Atelier 3 - 2020 - sujet 3

 

 
 

« En 5 lettres, espace réservé à chaque participant d’un salon ou d’une foire.» Marguerite mordille son crayon, réfléchit, complète les cases du mot «stand» , quand soudain le lampadaire au dessus de son fauteuil s’éteint :

 

«Ah mince ! L’ampoule est grillée ! Pas sûre d’en avoir une d’avance pour la remplacer...»

 

Marguerite pose ses mots fléchés, remonte sur son front ses lunettes « pour voir de près » et tire sur les accoudoirs du fauteuil pour s’en extraire, en trois reptations de son encombrant fessier.

Dans la pénombre, elle plonge la main dans le tiroir du buffet, à la recherche de l’objet électrique dont elle a un impératif besoin si elle ne veut pas passer sa soirée dans le noir.

 

« Ah, j’en ai une !»

 

Marguerite tire une chaise sous le plafonnier et pose un pied dessus pour monter. Mais la deuxième jambe refuse de décoller du sol pour rejoindre la première. Marguerite tente un petit sursaut en prenant appui sur le haut dossier de la chaise, mais non... encore une fois, l’énormité de son derrière pèse trop lourd à soulever.

 

« Pourtant, il va bien falloir que je grimpe sur cette chaise, bon sang !»

 

Sans se décourager, Marguerite pèse de tout son poids sur la jambe déjà placée sur la chaise, elle se hausse du talon,prend de petits élans, tente de sautiller du pied gauche... Elle ahane, elle souffle, elle rouspète, elle commence à transpirer.

 

La chaise glisse un peu sur le parquet en bois précieux bien ciré de Marguerite. Zut! Ca va faire une rayure ! Et ce n’est pas avec sa maigre pension de retraite que Marguerite peut se payer une femme de ménage pour entretenir son intérieur.

 

Avec une détermination accrue par l’urgente nécessité de remplacer cette ampoule électrique, Marguerite se hisse de toute la force de ses bras , et la voilà enfin perchée.

Maintenant, il faut dévisser la douille.

Les bras en l’air, en équilibre instable sur la chaise qui exprime son désaccord sous le quintal de Marguerite par des craquements de mauvais augure, la vieille dame force dans un sens... dans l’autre... Rien à faire, c’est coincé. Et regarder en l’air en renversant la tête lui donne le tournis. Si ça continue, elle va se casser la figure et le col du fémur avec , c’est sûr !

 

Cramponnée de la main gauche au dossier de la chaise, elle tend à nouveau le bras droit vers le plafonnier.
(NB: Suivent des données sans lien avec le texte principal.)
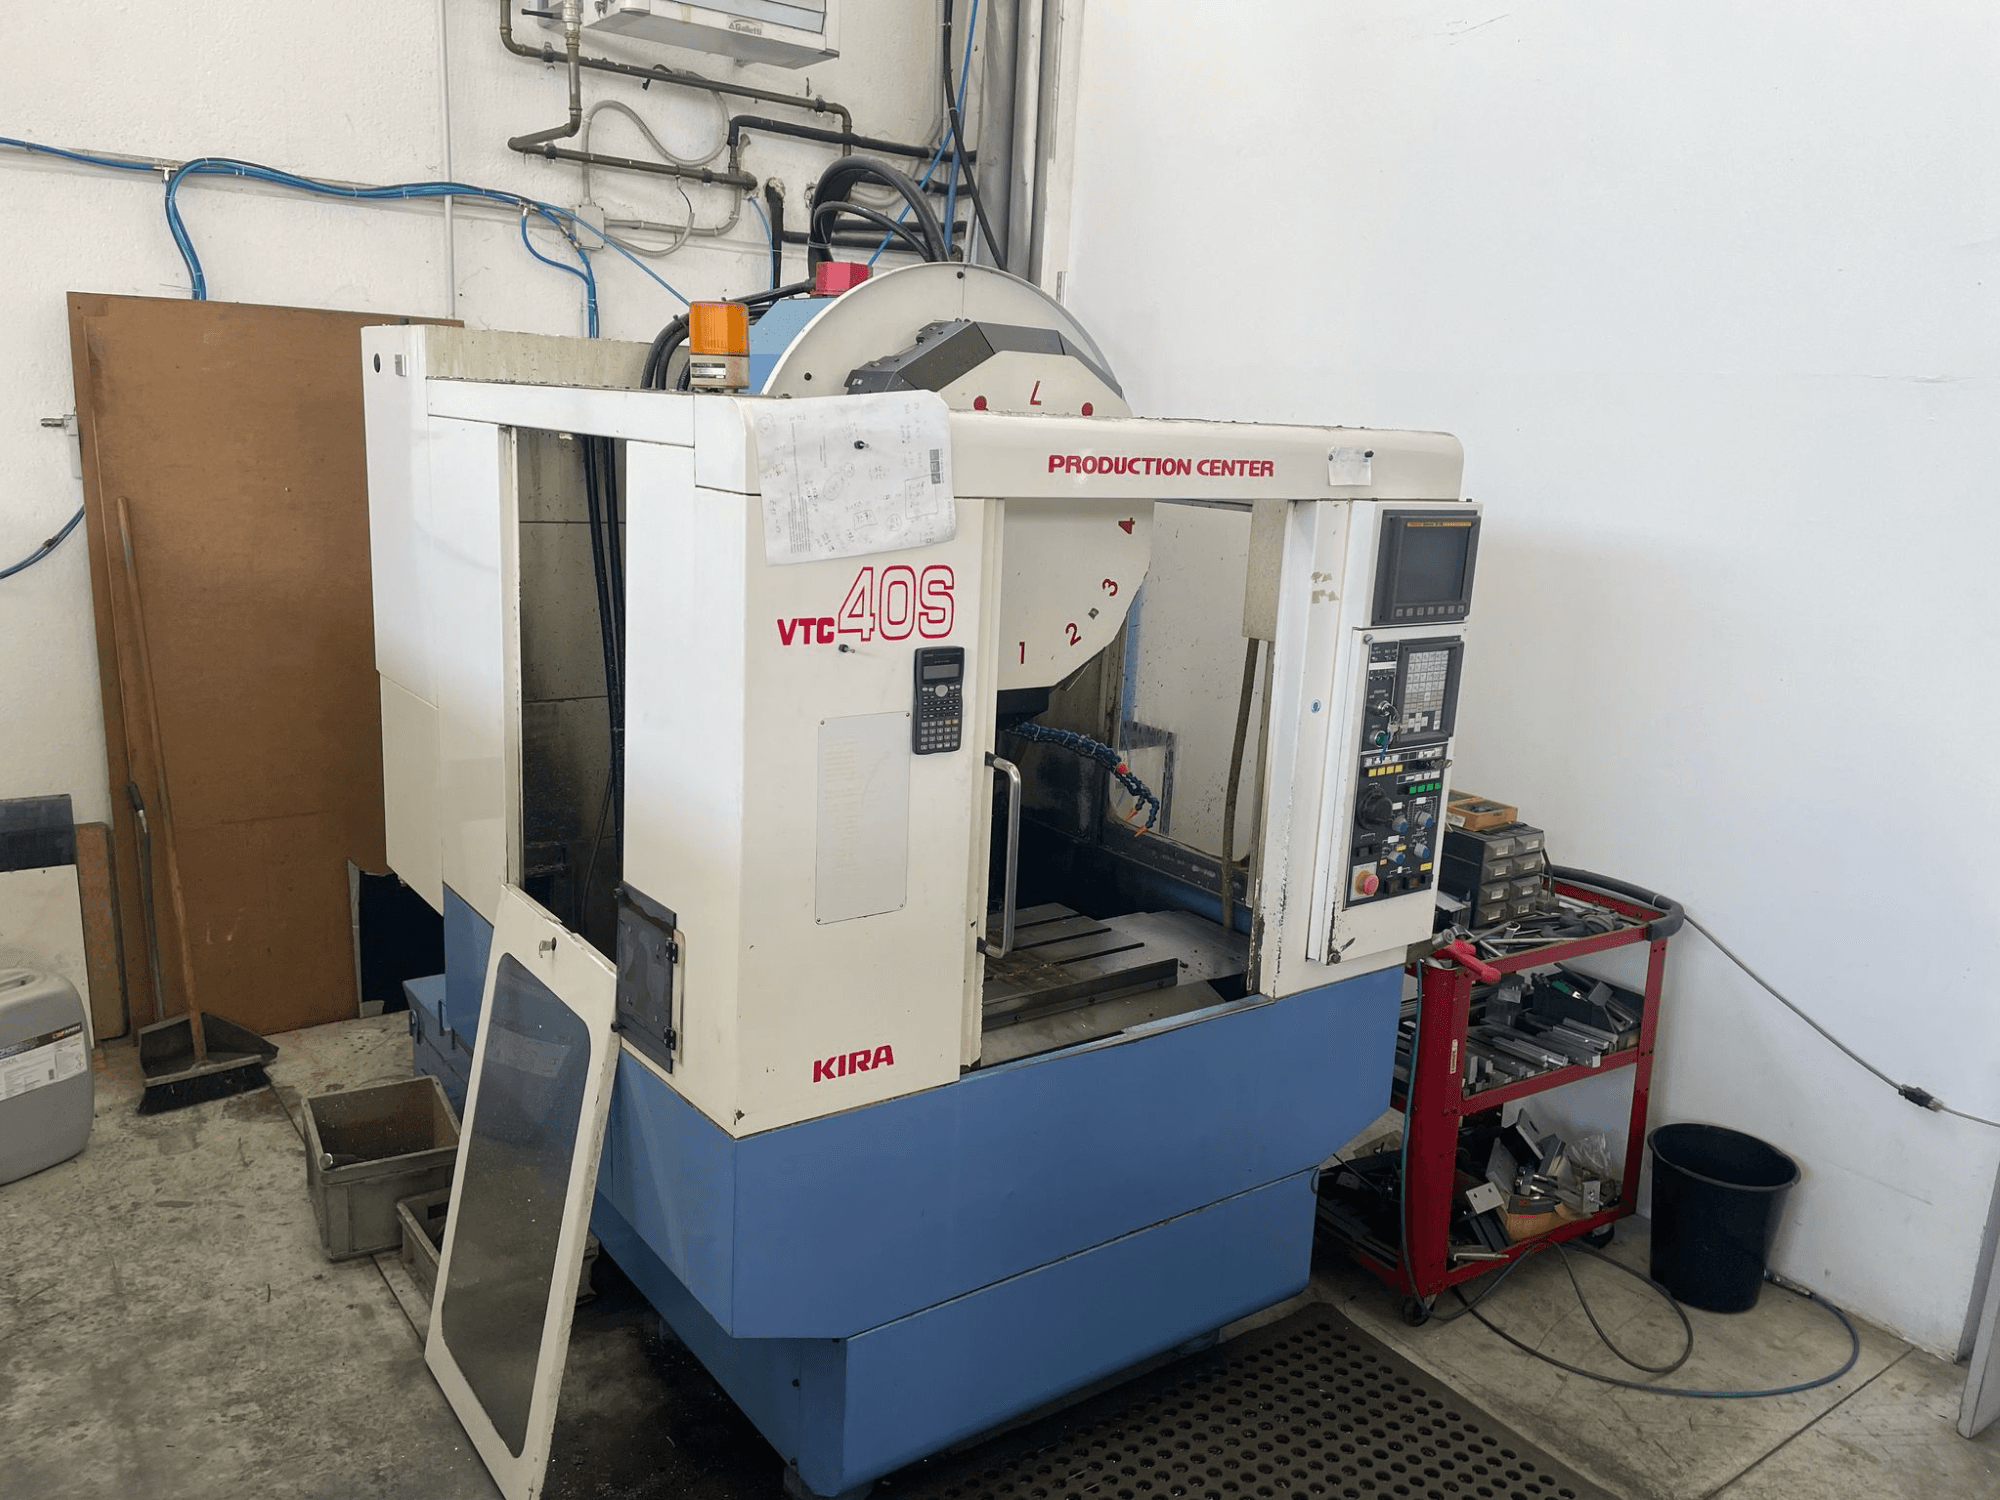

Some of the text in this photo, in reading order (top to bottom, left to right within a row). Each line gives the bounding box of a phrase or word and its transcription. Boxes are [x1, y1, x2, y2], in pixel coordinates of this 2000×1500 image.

Trop loin maintenant ! Les manches courtes de son chemisier lui font des marques rouges sur ses bras tant elle essaie de se distendre pour gagner quelques centimètres. Ni une, ni deux, Marguerite déboutonne son chemisier, le retire avec précaution en écartant légèrement ses pieds pour maintenir son équilibre et le lance sur le canapé voisin.
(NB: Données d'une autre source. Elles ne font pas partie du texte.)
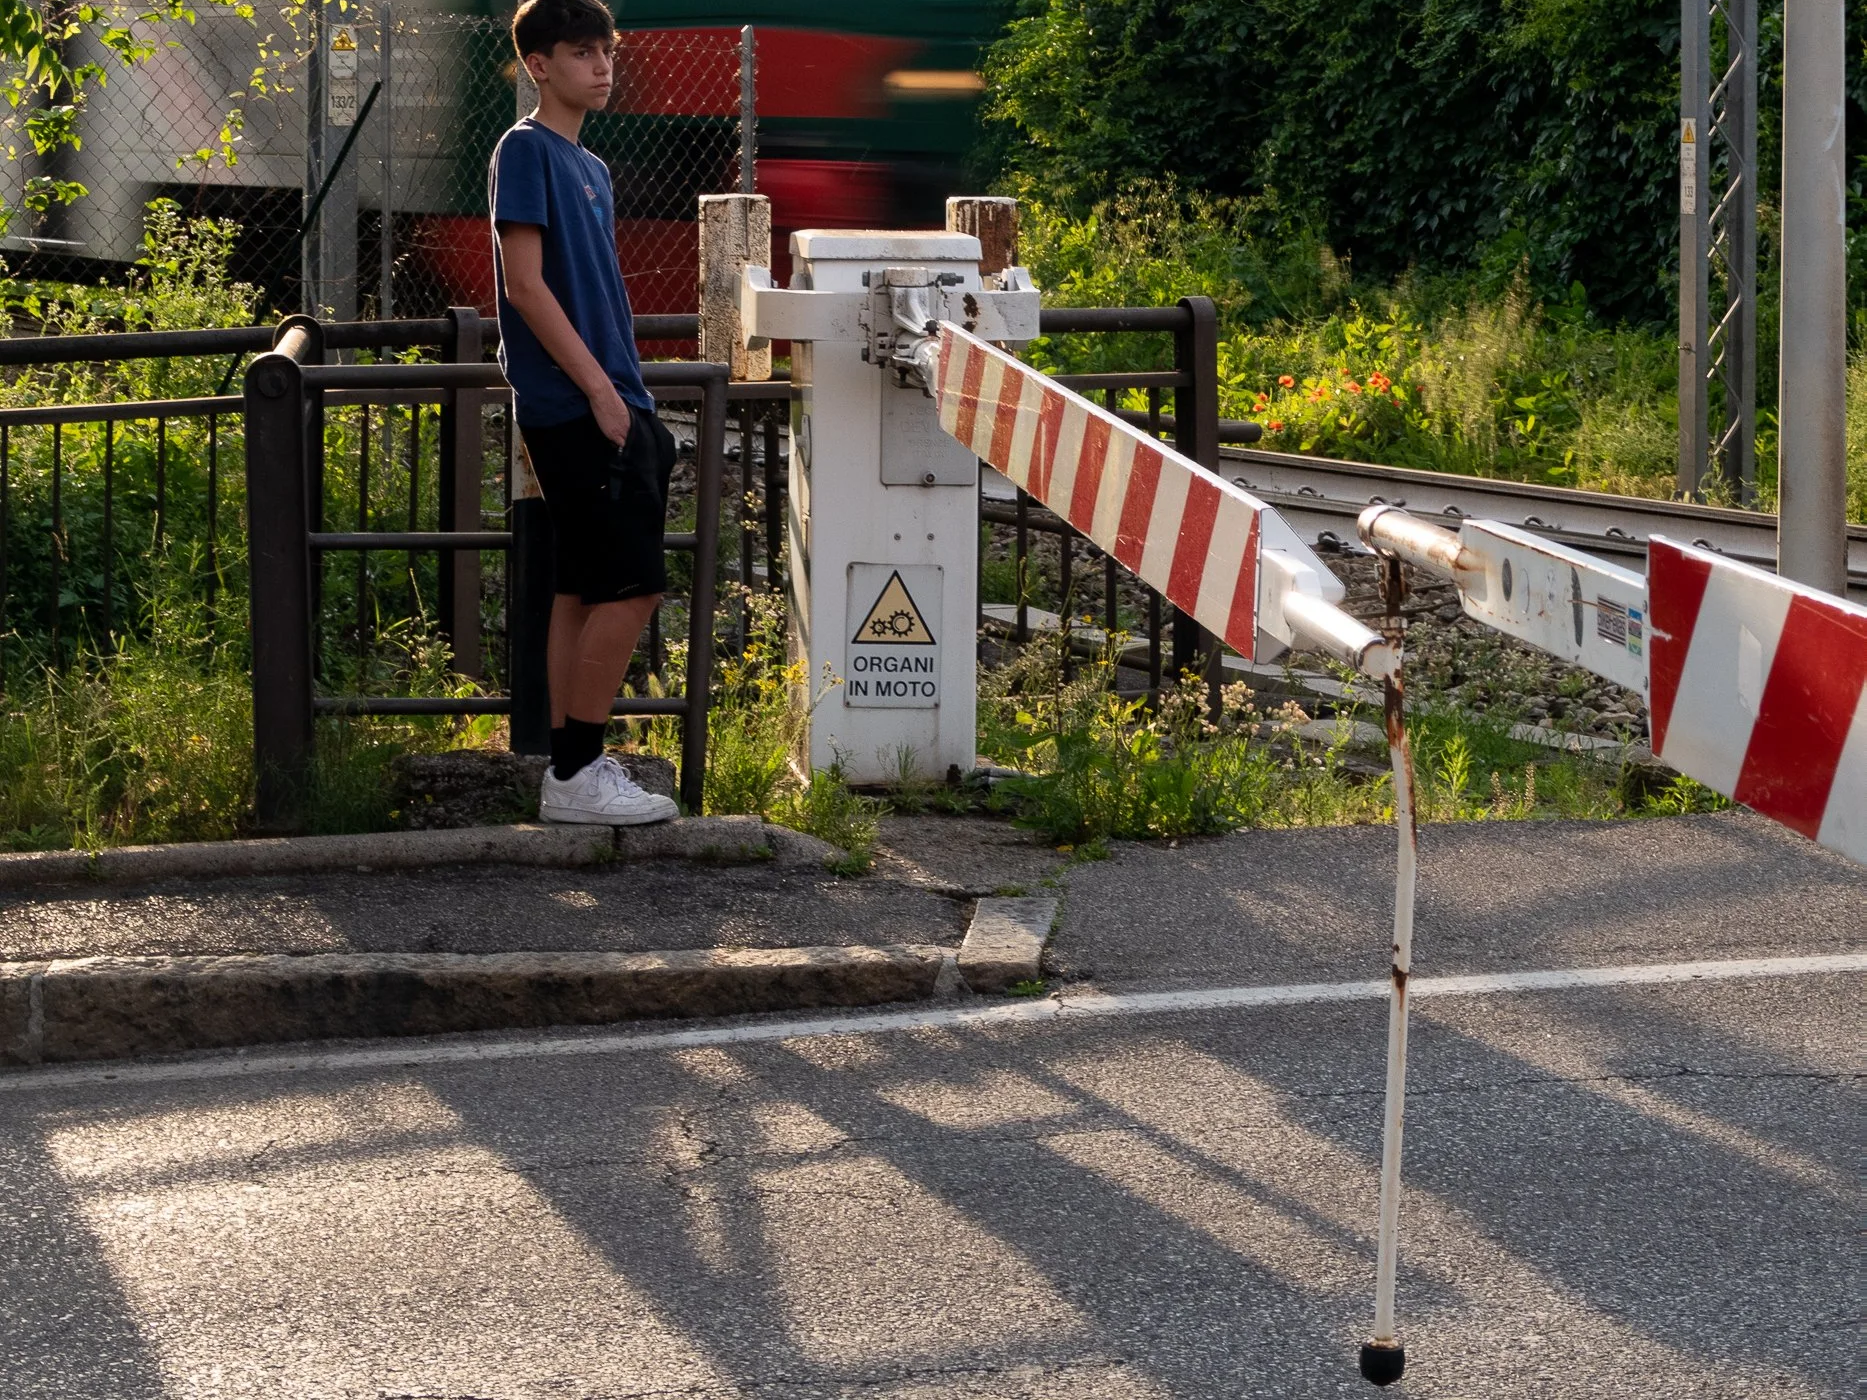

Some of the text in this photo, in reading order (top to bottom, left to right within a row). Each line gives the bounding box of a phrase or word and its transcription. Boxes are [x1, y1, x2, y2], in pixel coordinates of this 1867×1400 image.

[331, 95, 355, 109] 133/2
[853, 655, 934, 673] ORGANI
[849, 680, 936, 698] IN MOTO
Maintenant en soutien-gorge, elle se sent tout de même plus à l’aise pour réfléchir à son problème: comment réussir à dévisser cette fichue ampoule ?

 

Afin de gagner encore un peu de hauteur, Marguerite décide de changer de perchoir et d’aller chercher l’escabeau rangé à la cave, mais il faut d’abord descendre de la chaise... Dans quel sens? Agrippée des deux mains au dossier, légèrement penchée en avant et les fesses projetées vers l’arrière, prêtes à faire craquer la jupe, elle soulève la jambe droite. Afin de la rapprocher du sol, il faut plier la jambe gauche. Aïe! Son arthrose du genou lui refuse ce geste. Sauter ? N’y pense même pas, Marguerite !

 

La nuit est complètement tombée à présent et la salle à manger est plongée dans le noir. Marguerite commence à fatiguer. Elle a les jambes qui tremblent un peu, les mains moites et une démangeaison sous le sein gauche qu’elle ne peut pas gratter, au risque de basculer si elle lâche la chaise. Dans son cerveau commence à germer l’idée qu’il se pourrait bien qu’elle soit bloquée sur cette chaise, comme un naufragé sur un radeau au milieu de la mer, pour un bon moment !
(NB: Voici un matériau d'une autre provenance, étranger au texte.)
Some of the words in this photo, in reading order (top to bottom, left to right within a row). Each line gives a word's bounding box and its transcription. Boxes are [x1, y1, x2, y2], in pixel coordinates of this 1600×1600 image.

Surtout, ne pas lâcher le dossier. Elle s’y agrippe comme un noyé à son tronc d’arbre à la dérive. La sueur lui coule dans le dos. A force d’être penchée en avant, le bouton de sa jupe saute , et cette dernière commence à glisser, juste bloquée dans sa descente par un bourrelet plus épais que les autres...

 

Appeler au secours ? Personne ne l’entendra et quand bien même une voisine lui portait secours, elle mettrait illico sa fille au courant, qui se jetterait sur l’occasion : «Tu vois bien Maman, tu ne peux plus habiter seule dans cet appartement à ton âge!»

 

Marguerite a déjà récité plusieurs fois ses prières, elle s’est fait une belle frayeur en essayant de secouer la chaise pour la rapprocher d’un meuble par petits à-coups, elle a même envisagé de sauter en mesurant mentalement la distance qui la sépare du canapé pour atterrir dessus et amortir la chute... quand une clé tourne dans la serrure. Entre l’infirmière libérale, qui vient chaque soir l’aider à retirer ses bas de contention et refaire les pansements de ses ulcères. Pour ses patients âgés, elle a toujours un double des clés.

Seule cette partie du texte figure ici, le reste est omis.